Germans Embrace Ventilating Rooms to Ward of Coronavirus

Germans embrace ventilating rooms to ward of coronavirus

The German government is embracing ventilating rooms to ward off coronavirus and manage it better. The air hygiene experts of the country asked the government to make this official for months. The latest updates give them a sigh of relief, as their strategy was accepted as it works.

The Germans have a habit of opening their windows two times a day. They follow this like a custom and even do it during winters. Many times, the requirement is mandatory in rental agreements to prevent bad smell and molds.

Angela Merkel, the Chancellor of Germany, said that the approach might look primitive, but it is cheap and effective. The custom can help people anywhere in the world to reduce the spread of the virus.

How can ventilating rooms keep the virus away?

Merkel stressed the importance of following the government guidelines to handle the virus spread. She said that distancing, face covering, and hygiene are the three most important aspects. They extend their ‘AHA’ to ‘AHACL,’ where C stands for coronavirus warning by the government, and L for Lüften (ventilating rooms). With constant ventilation in public and private rooms, there are fewer chances of danger from virus spread.

Stosslüften or impact ventilation is what Germany is preaching the whole world. It is a term used by air hygiene experts and involves opening windows every morning and evening. People across the globe should do this even for five minutes. It helps air circulation and let the virus keep away, unlike closed spaces.

The process of cross ventilation, known as Querlüften in German, is even better for this strategy. In this case, all the windows in an apartment are opened to let the stale airflow out and allow fresh to come in.

How can the German practice of ventilating rooms reduce the rate of infections?

German windows are usually designed with hinge technology, allowing residents to open the windows in any direction. It also varies in degrees that help impact ventilation work.

After several months into the pandemic, we know that people staying indoors have more chances of getting infected. Since winter is around the corner, it is more important for people to take measures against the spread.

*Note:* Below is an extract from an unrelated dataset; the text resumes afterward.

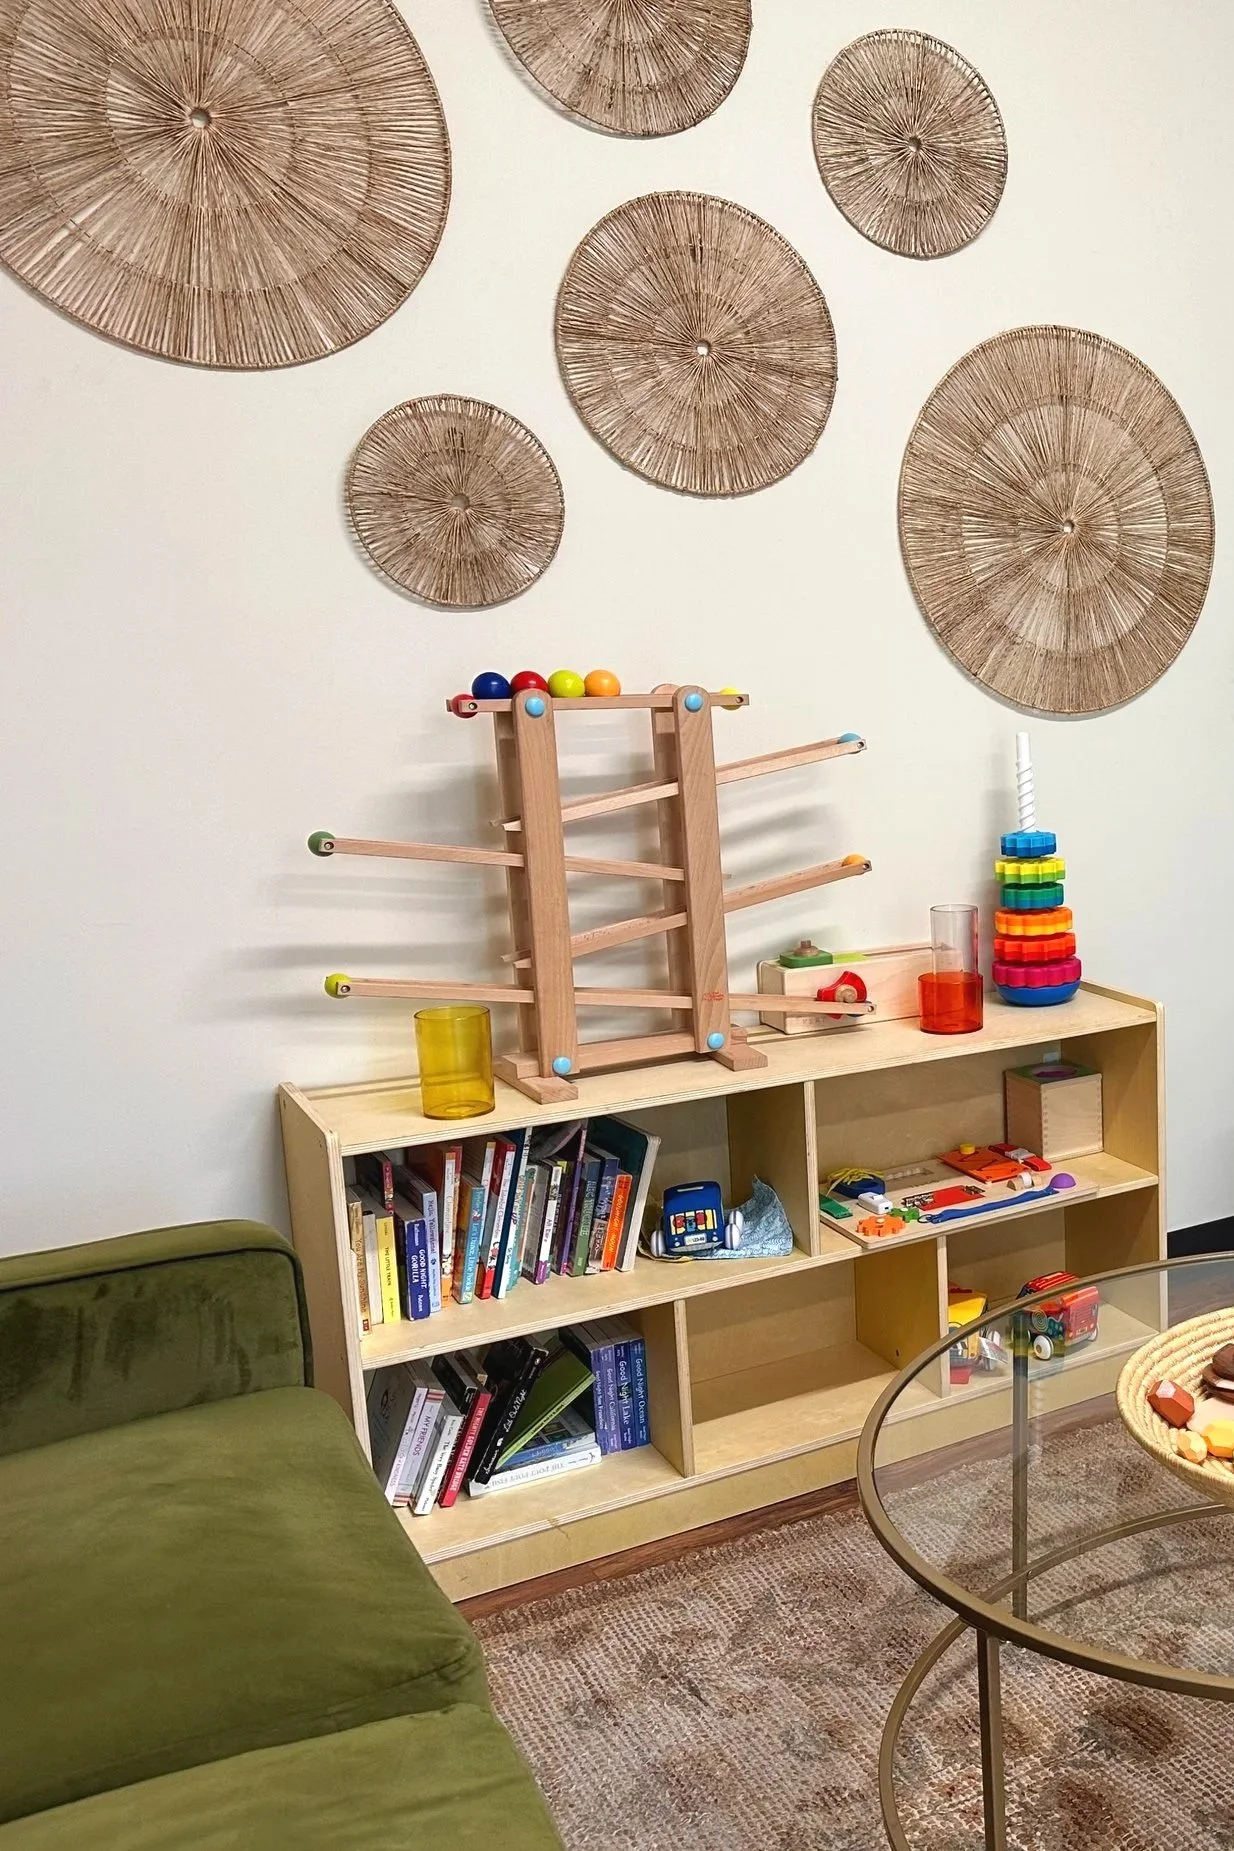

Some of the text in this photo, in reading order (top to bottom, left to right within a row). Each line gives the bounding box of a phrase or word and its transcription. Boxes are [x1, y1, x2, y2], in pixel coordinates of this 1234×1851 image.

Christian Drosten, the leading coronavirus expert from Germany, shared an edition of a pandemic podcast. He is also the head virologist from Charité hospital, Berlin, and explains a lot about air rarefaction and circulation in his podcast. Through his podcasts, he talks about frequent airing that helps people follow the practice all the more.

The weekly online news publishers, Die Zeit, sent out a 10-page long feature talking about ventilating. They include scientific aspects behind that and also tips to do it through winters.

Martin Kriegel, an air current analyst and engineer from Technical University, Berlin, spoke to Die Zeit. He said that there is sheer proof about air quality at offices and how it correlates to the number of days their workers take leave due to sickness.

How will schools in Germany include air circulation practices?

For years, schools have been the testing ground for people to understand how to live with diseases. Now, even they have included the practice of ventilation. At a recent gathering for education ministers in Germany, 16 states talked about ways to ventilate classrooms.

There were five experts, including indoor air hygienists, aerodynamicists, and fluid mechanics, who educated the people of airing rooms for 20 minutes. It is mandatory to do so for five minutes during autumn and spring, and three minutes for winters.

Although the practice has been common for people in Germany, many think it is a reason to worry during winters. Many citizens can say that people die from cold, but they don’t die from bad smell. Thus, they might also be the people who wouldn’t want to open their windows during winters.

A primary school teacher of 34 from Cologne said that opening windows is often a complaint. Helen said many people oppose when windows are down in offices or inside a train. They complain is that it feels draughty. While many Germans like to open their windows, many obsess draughtiness. Moreover, this also the reason why many Germans wear scarves.

The lady follows the guidelines and ventilates her classrooms every 20 minutes. She said that he enjoys airing the rooms regularly, and she follows the same at home. Helen understands why it important to do it all the more during the coronavirus pandemic. But she is also concerned about keeping up with her kids during winter months while airing rooms.